May 4, 2012 |
Indiana University’s Bloomington Drosophila Stock Center, a clearinghouse for genetically defined lines of fruit flies that serves scientists in 2,600 laboratories worldwide, has reached a milestone with completion of the most comprehensive set of chromosome deletions for any multicellular organism on earth.
Scientists studying the fruit fly (Drosophila melanogaster) use chromosomes with deleted stretches of DNA to map harmful mutations to extremely small groups of side-by-side genes.
“The best way to discover the function of a gene is to break it and then find out what goes wrong,” said IU research scientist Kevin Cook, senior author on a recent paper in Genome Biology that announced the achievement. “If you have a mutation that causes a disease or defect in the fly when both chromosomes carry the mutation, you can identify the broken gene by making an abnormal fly with the mutation and a deletion. The mutated gene must be one missing from the deletion chromosome. Since we know exactly which stretch of DNA is missing in every deletion, we can map mutations with exquisite resolution just by breeding flies.”
Human and fly cells work in fundamentally the same ways, and almost three-fourths of all known human disease genes have a match in the Drosophila genome. Just like us, fruit flies can have heart problems from a high-fat diet, develop insulin resistance on high-sugar diets and respond to pharmaceuticals. Drosophila melanogaster is currently being used to study a broad range of biological processes shared with humans — including metabolism, development, physiology and aging — and research on the fly counterparts of human disease genes is providing insights into the molecular mechanisms of disorders like Alzheimer’s, Huntington’s, Lou Gehrig’s and Parkinson’s diseases and cancer, diabetes and epilepsy.
“There are experimental genetic approaches in flies that simply aren’t available in mammalian research, so it’s easier to make progress,” said co-author Thom Kaufman, a Distinguished Professor in the IU Bloomington College of Arts and Sciences’ Department of Biology. “And the techniques and resources available to fly geneticists are much more sophisticated and easier to use.”

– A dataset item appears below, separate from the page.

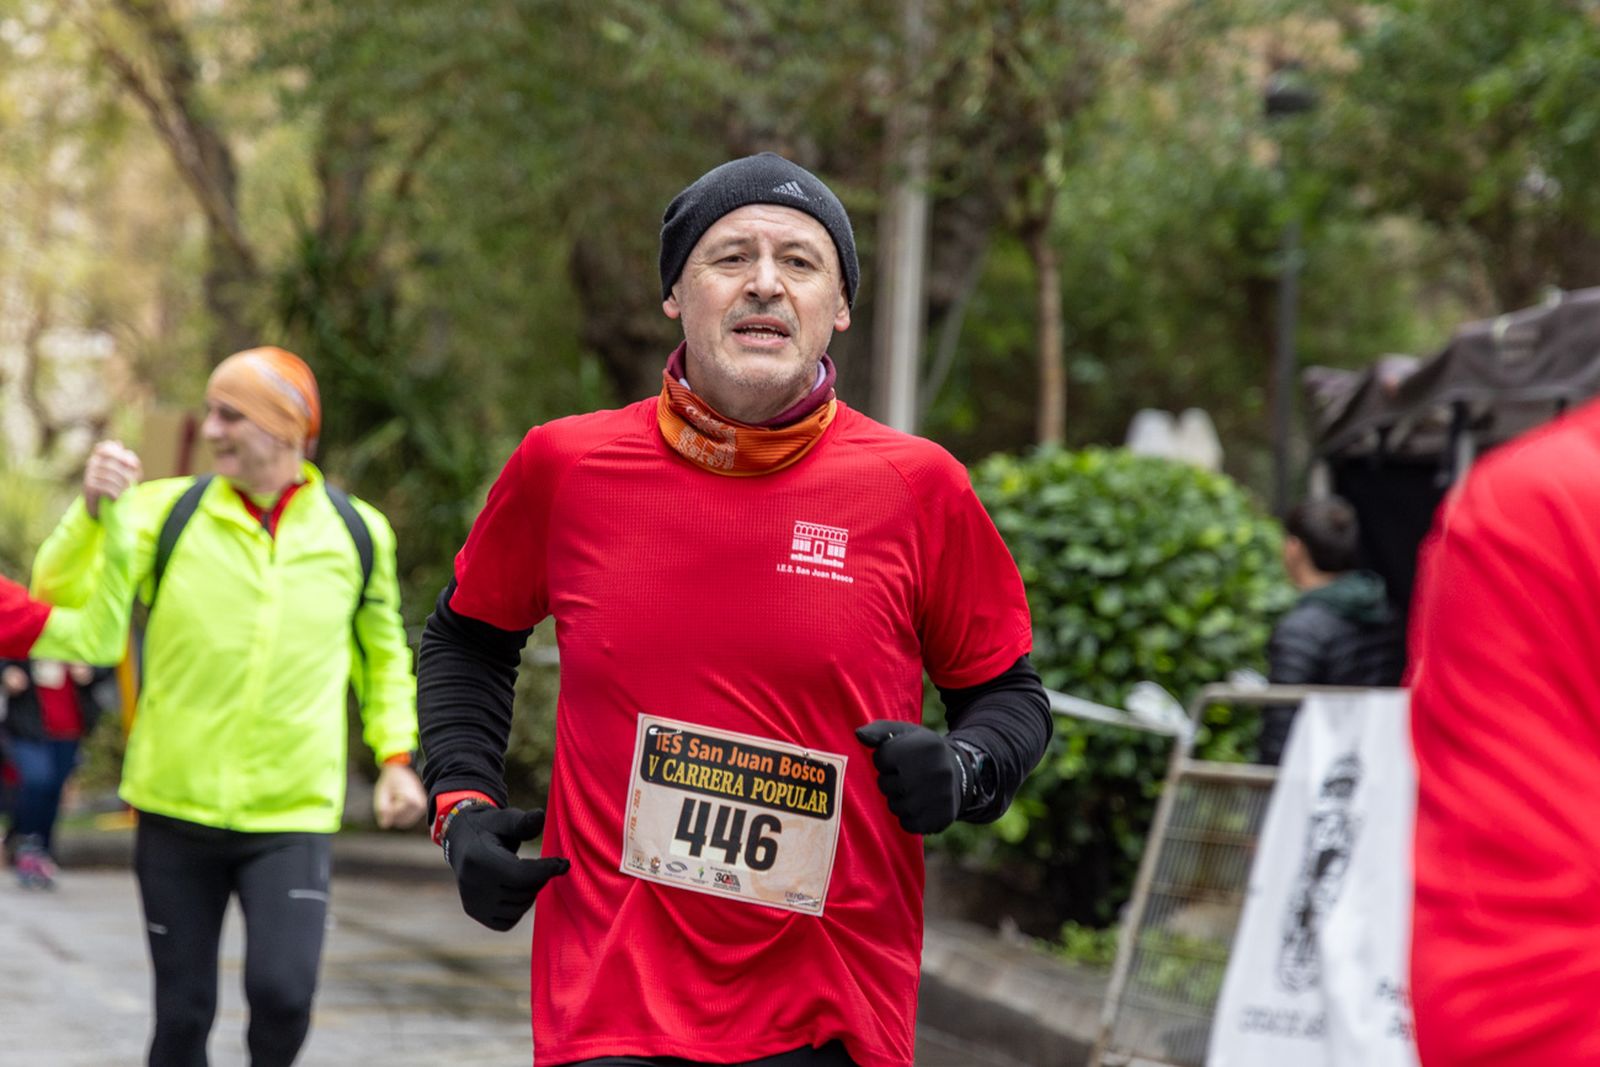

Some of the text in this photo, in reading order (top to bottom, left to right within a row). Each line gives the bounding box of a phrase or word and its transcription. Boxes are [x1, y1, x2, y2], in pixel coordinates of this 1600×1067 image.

The deletion strains allow mutations to be mapped to small chromosome regions of a median of only nine genes.
“Once a scientist gets a mutation mapped this closely, they can usually identify the most likely candidate gene based on its DNA sequence characteristics,” Cook said.
In many cases, deletions alone can be used to map a mutation to a single gene. Altogether, the new deletions cover a remarkable 98.4 percent of the fly genome, more than any other multicellular organism. Covering 100 percent would mean deleting genes that the fly needs in two copies for viability and fertility, yet deletion coverage was maximized by getting as close to those “haplolethal” and “haplosterile” genes as possible.
“In the process,” Cook said, “we put together the most complete catalog of these special genes in any plant or animal.”
In addition to mapping mutations, deletions are used by researchers to judge just how badly particular mutations harm genes and to identify genes that work together in cellular pathways. They are often used in screening for new mutations.
“Knocking out genes on purpose is the primary way geneticists figure out the connection between DNA sequence and biological function,” Cook said. “Deletions have so many important experimental applications they are used in almost every Drosophila research project.”
Half of the 1,600 molecularly defined deletions were generated at IU under a 12-year, $2.5 million dollar grant from the National Institutes of Health. The remaining deletions were generated by the European Union-sponsored DrosDel consortium and by Exelixis Inc. All the deletions were made using a technology that employs special DNA cutting sites carried on transposable genetic elements inserted throughout the genome.
The rapidly expanding Bloomington Drosophila Stock Center accepted its first strain in 1987 and currently maintains 40,000 different genetically characterized lines. Researchers from around the world ordered 215,000 living Drosophila samples in 2011 alone, with deletions being the highest in demand. The center has 42 employees and is funded both by user fees and grants from the National Science Foundation, the National Center for Research Resources, the National Institute of General Medical Sciences and the National Institute of Child Health and Human Development.